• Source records
#####

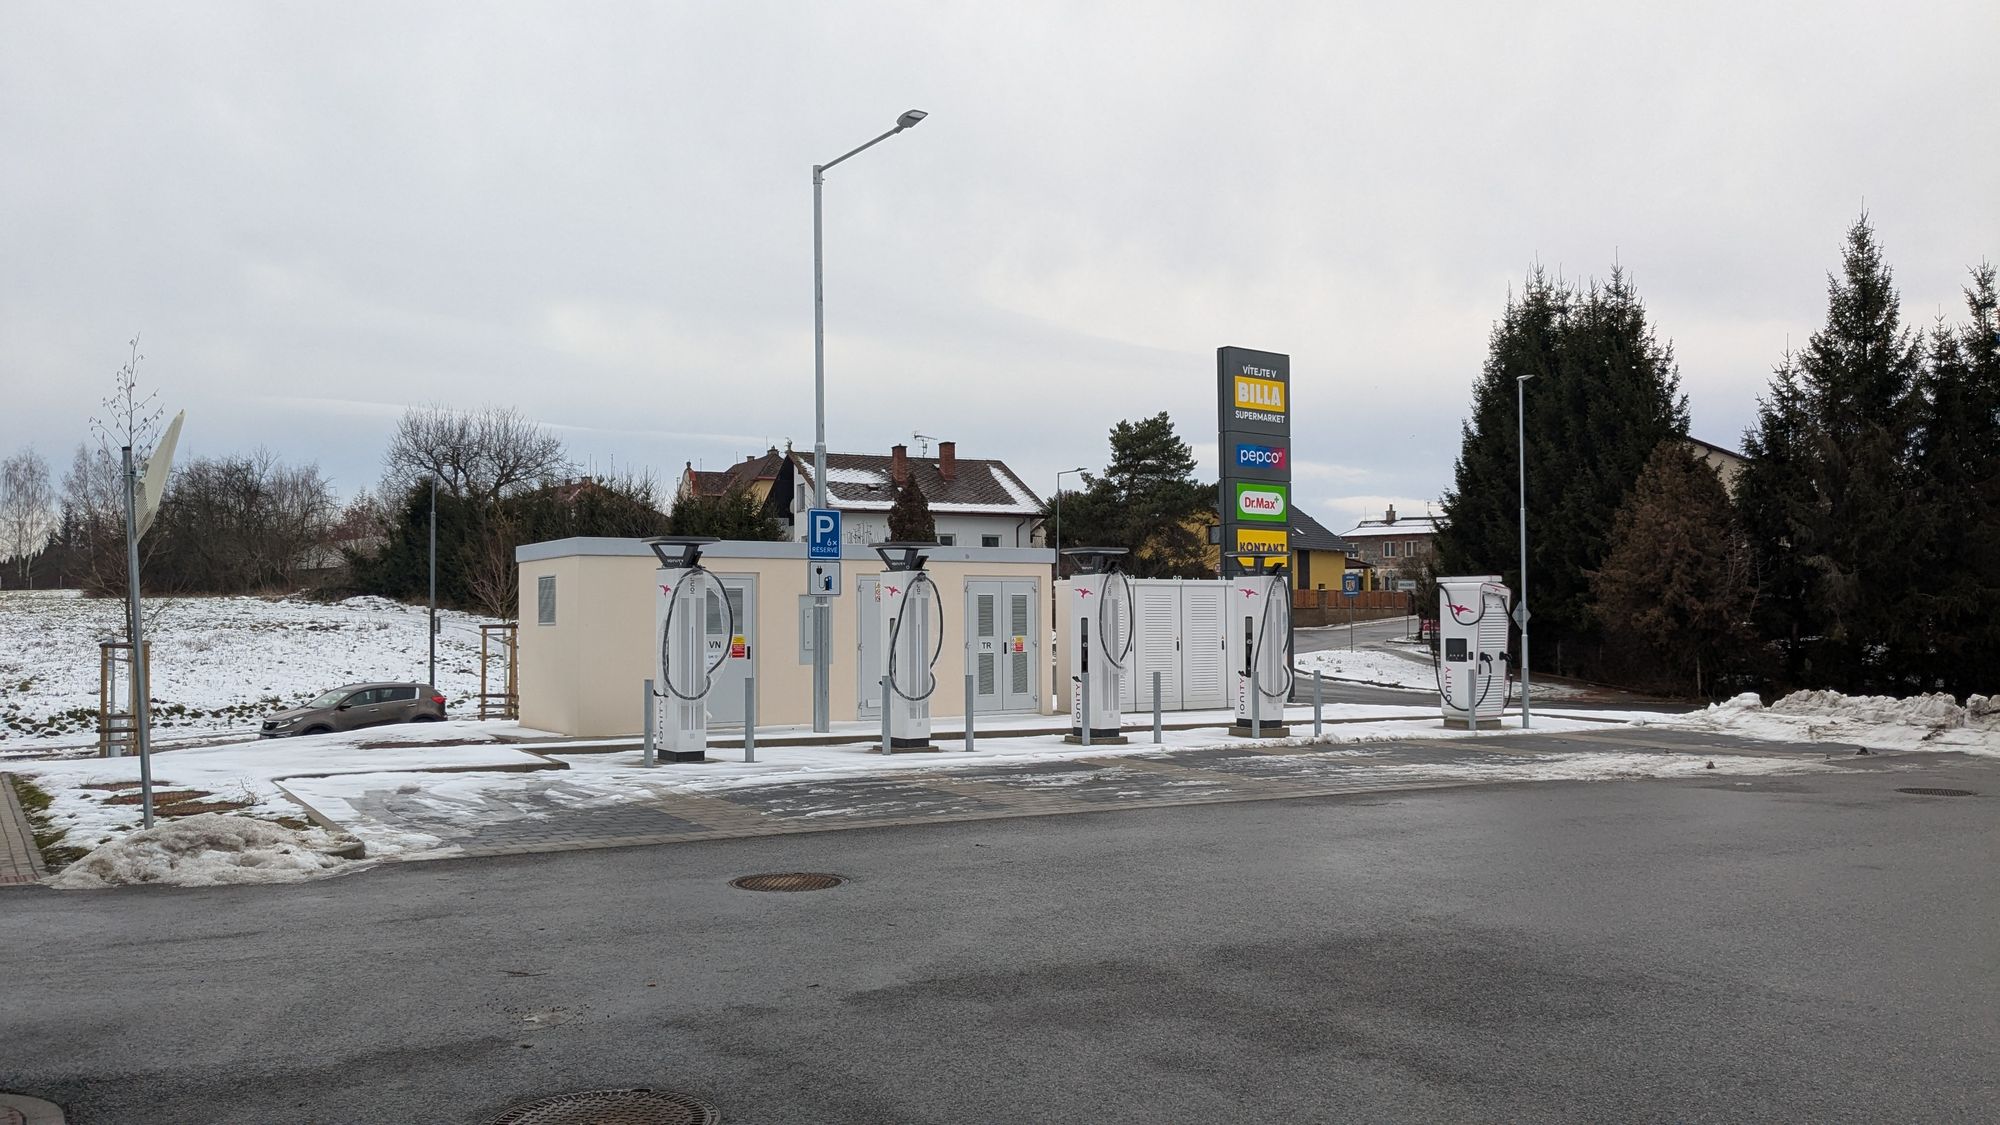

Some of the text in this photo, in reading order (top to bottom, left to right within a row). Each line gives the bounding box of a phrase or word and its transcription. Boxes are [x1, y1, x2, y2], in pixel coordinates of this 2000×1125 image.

[1271, 370, 1277, 379] V
[1237, 381, 1281, 407] BILLA
[1235, 410, 1285, 424] SUPERMARKET
[815, 515, 834, 544] P
[1240, 541, 1285, 552] KONTAKT
[709, 640, 721, 649] VN
[982, 641, 992, 649] TR
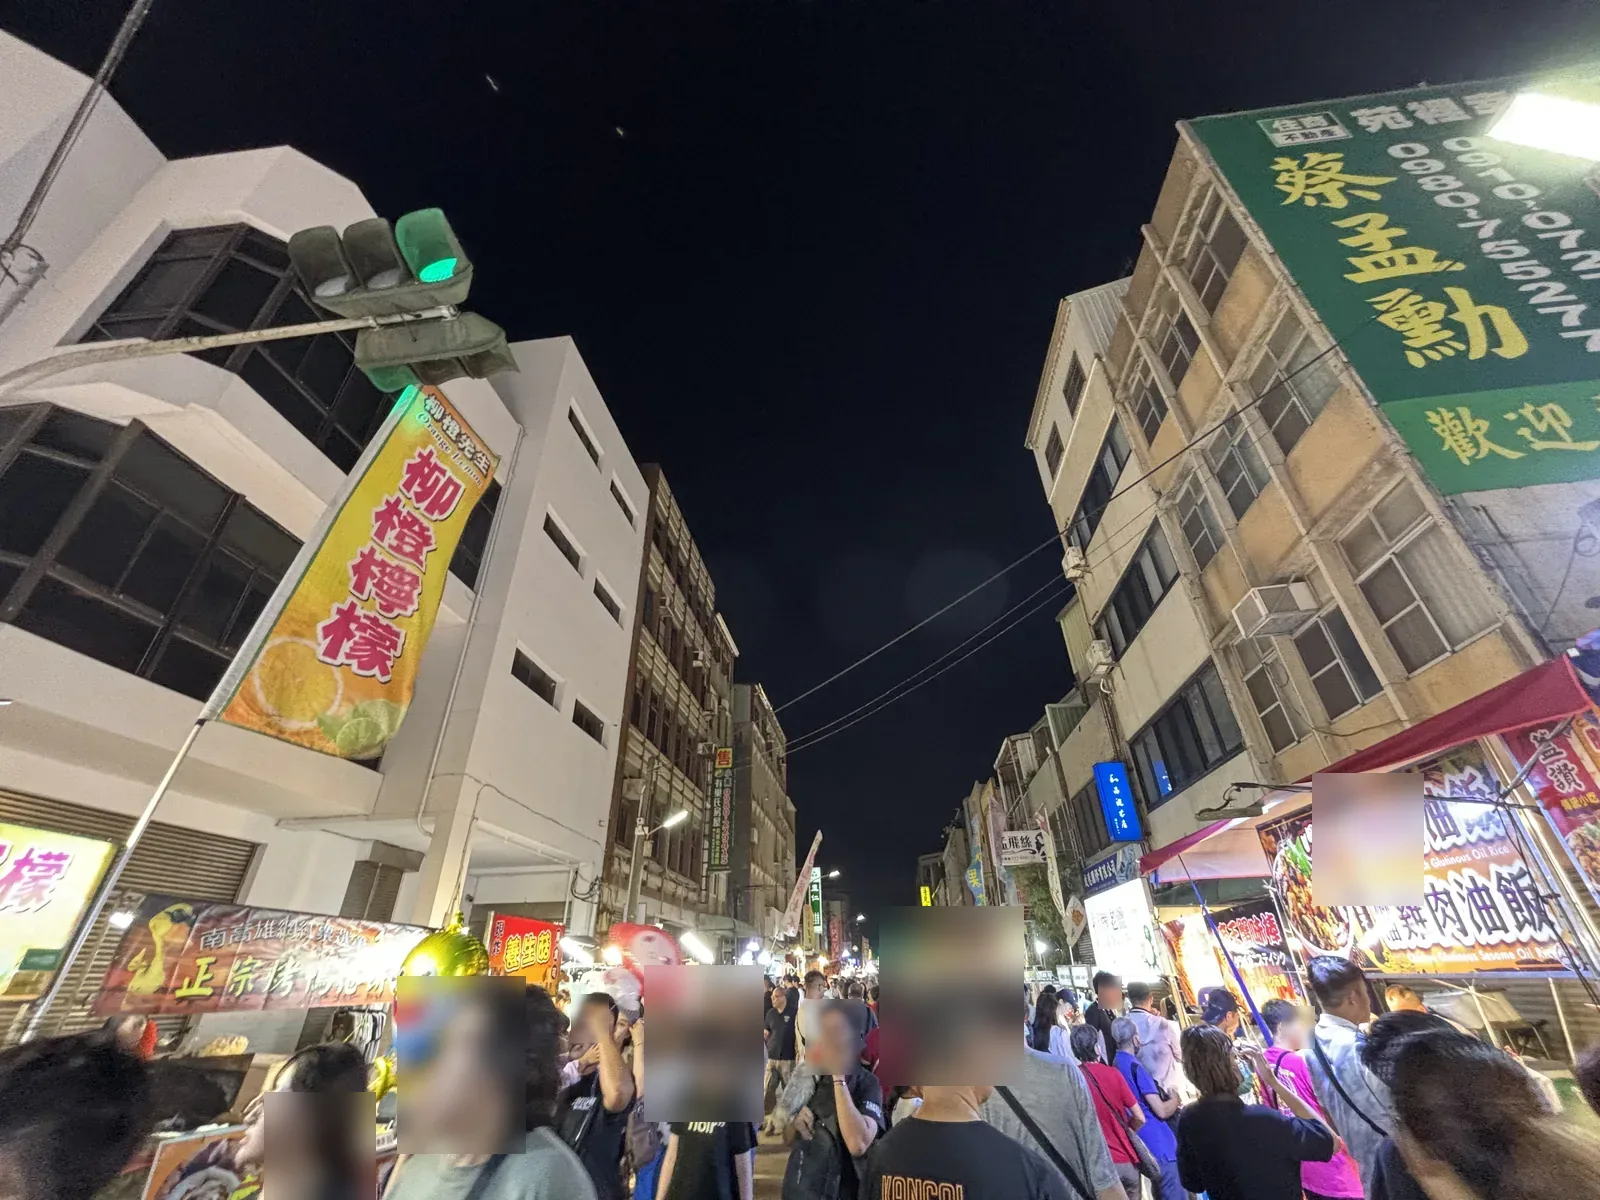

#####

• WORK REQUIRED
The data above is to be printed exactly, all of it, except for the pictures.

• EXERCISE ANSWER
Some of the text in this photo, in reading order (top to bottom, left to right within a row). Each line gives the bounding box of a phrase or word and its transcription. Boxes are [x1, y1, x2, y2], in pixel coordinates of this 2000×1125 image.

[1271, 370, 1277, 379] V
[1237, 381, 1281, 407] BILLA
[1235, 410, 1285, 424] SUPERMARKET
[815, 515, 834, 544] P
[1240, 541, 1285, 552] KONTAKT
[709, 640, 721, 649] VN
[982, 641, 992, 649] TR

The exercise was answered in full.